Le marché commun aime avoir le modèle d'une nouvelle Yougoslavie

L'établissement d'un marché commun dans les Balkans occidentaux devrait être salué, disent les représentants des milieux d'affaires. Mais, selon eux, ce marché et les espaces économiques communs de la région devraient éviter toute possibilité qui reviendrait à revenir au modèle de l'ex-Yougoslavie. Selon eux, les [...]
Selon eux, les marchés des pays de la région sont petits et ne peuvent donc pas être attrayants pour les investisseurs internationaux, de sorte que l'expansion du marché est estimée au bénéfice de tous les pays de cette partie de l'Europe.
La semaine dernière, les dirigeants des pays des Balkans occidentaux et ceux de l'Union européenne ont discuté de la question du marché commun et signé dans Trieste, le traité sur les transports communautaires de l'Italie.
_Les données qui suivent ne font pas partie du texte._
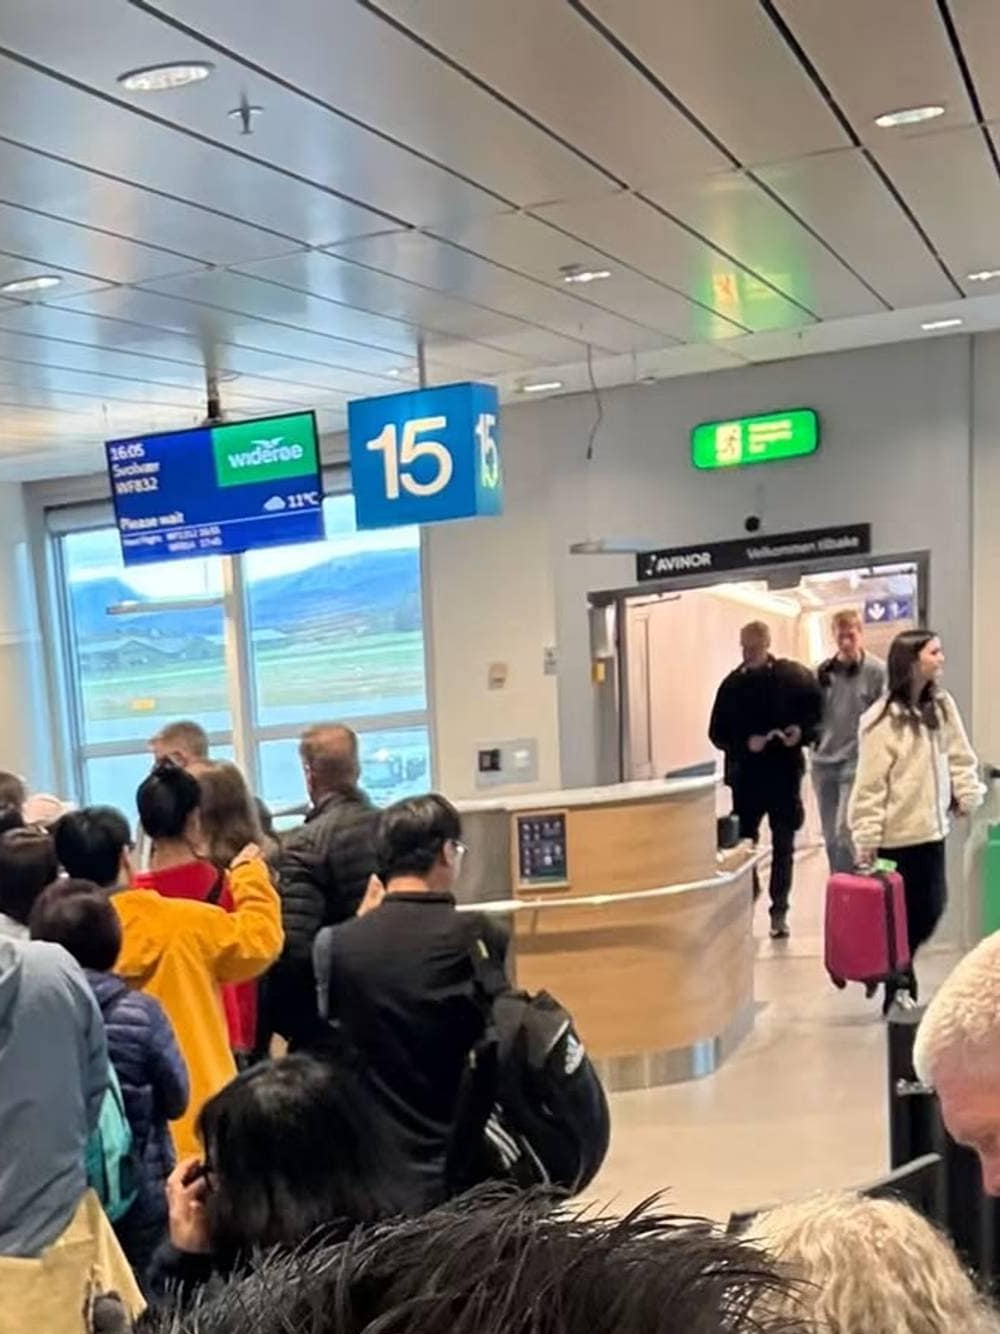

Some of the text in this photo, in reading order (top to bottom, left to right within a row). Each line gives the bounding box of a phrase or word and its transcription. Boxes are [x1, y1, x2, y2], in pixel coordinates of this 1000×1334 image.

[366, 415, 453, 499] 15
[475, 412, 498, 490] 15
[120, 511, 184, 531] Please wait
[656, 552, 712, 573] AVINOR
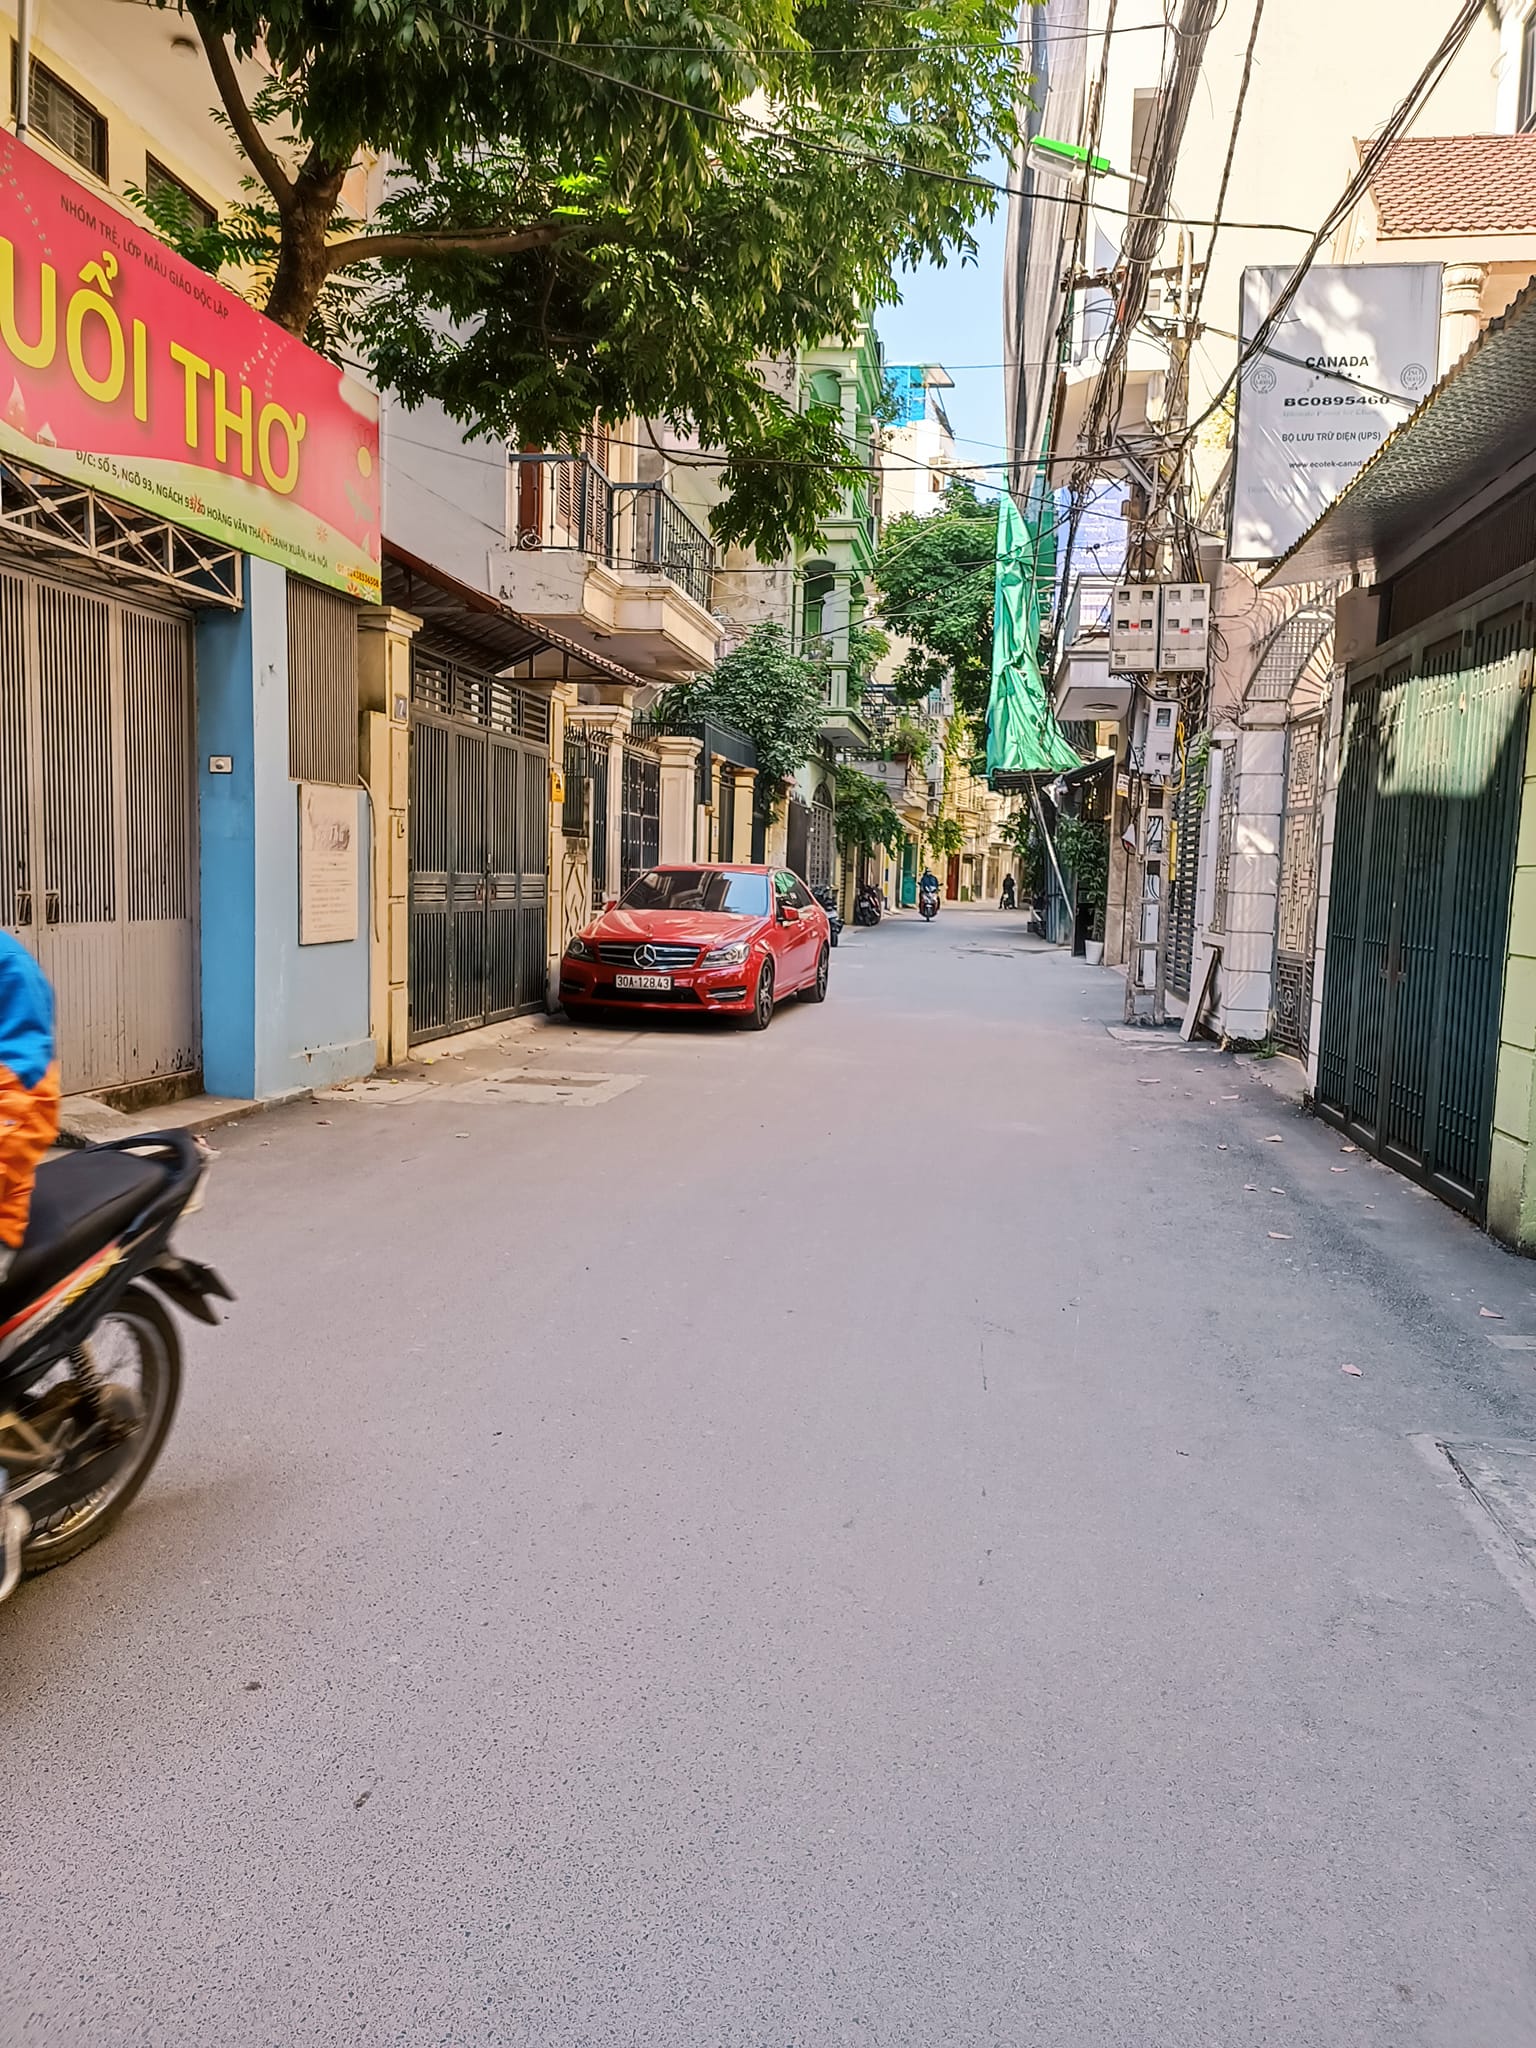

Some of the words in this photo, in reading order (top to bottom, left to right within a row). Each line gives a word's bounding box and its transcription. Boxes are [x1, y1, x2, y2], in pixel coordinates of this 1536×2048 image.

[60, 195, 97, 230] NHÓM
[169, 269, 192, 295] GIÁO
[0, 236, 147, 423] UỔI
[170, 341, 306, 494] THƠ
[1305, 356, 1369, 368] CANADA
[1281, 433, 1295, 443] BỘ
[1296, 432, 1314, 442] LƯU
[1358, 431, 1381, 442] (UPS)
[98, 457, 110, 472] SỐ
[112, 464, 120, 479] 5,
[122, 468, 141, 486] NGÕ
[142, 478, 155, 495] 93,
[156, 484, 183, 504] NGÁCH
[207, 507, 233, 527] HOÀNG
L'Union européenne affirme que l'objectif de ces sommets balkaniques est de renforcer la coopération régionale afin d'accélérer l'intégration de ces pays dans l'UE.
Le directeur exécutif de l'Ode économique américaine de Pristina, Arian Zeka, a déclaré à Radio Free Europe qu'après les accords conclus, le gouvernement du Kosovo devrait être plus engagé dans des groupes de travail au niveau technique. Il affirme l'élimination de tous les obstacles auxquels les producteurs ont dû faire face, même en provenance du Kosovo, lors de leurs efforts pour exporter vers les États membres de l'Accord de libre-échange d'Europe centrale, connu dans l'ALECE en février.
“Éliminant certaines des barrières, y compris les frontières de l'État, qui ont souvent soulevé divers problèmes de nature politique, elle pourrait faire en sorte que les États des Balkans occidentaux ressemblent à un espace économique commun et donc promouvoir l'investissement étranger directement par l'intermédiaire de ces États”, dit Zeka.
Pendant ce temps, le président du Conseil allemand de l'Ode économique au Kosovo, Fadil Hoxha, a déclaré à Radio Free Europe que l'établissement du marché commun dans les Balkans occidentaux serait fonctionnel si la politique n'intervenait pas dans ce contexte.
“Cependant, si la Serbie prétend avoir le primat des Balkans occidentaux, s'il s'agit d'une question politique, elle ne présenterait aucun intérêt pour nous”.
Si la Serbie ou la soi-disant Yougoslavie ne domine pas la nouvelle Yougoslavie, je pense que ce projet sera le bienvenu pour toutes les entreprises du Kosovo”, dit Hoxha.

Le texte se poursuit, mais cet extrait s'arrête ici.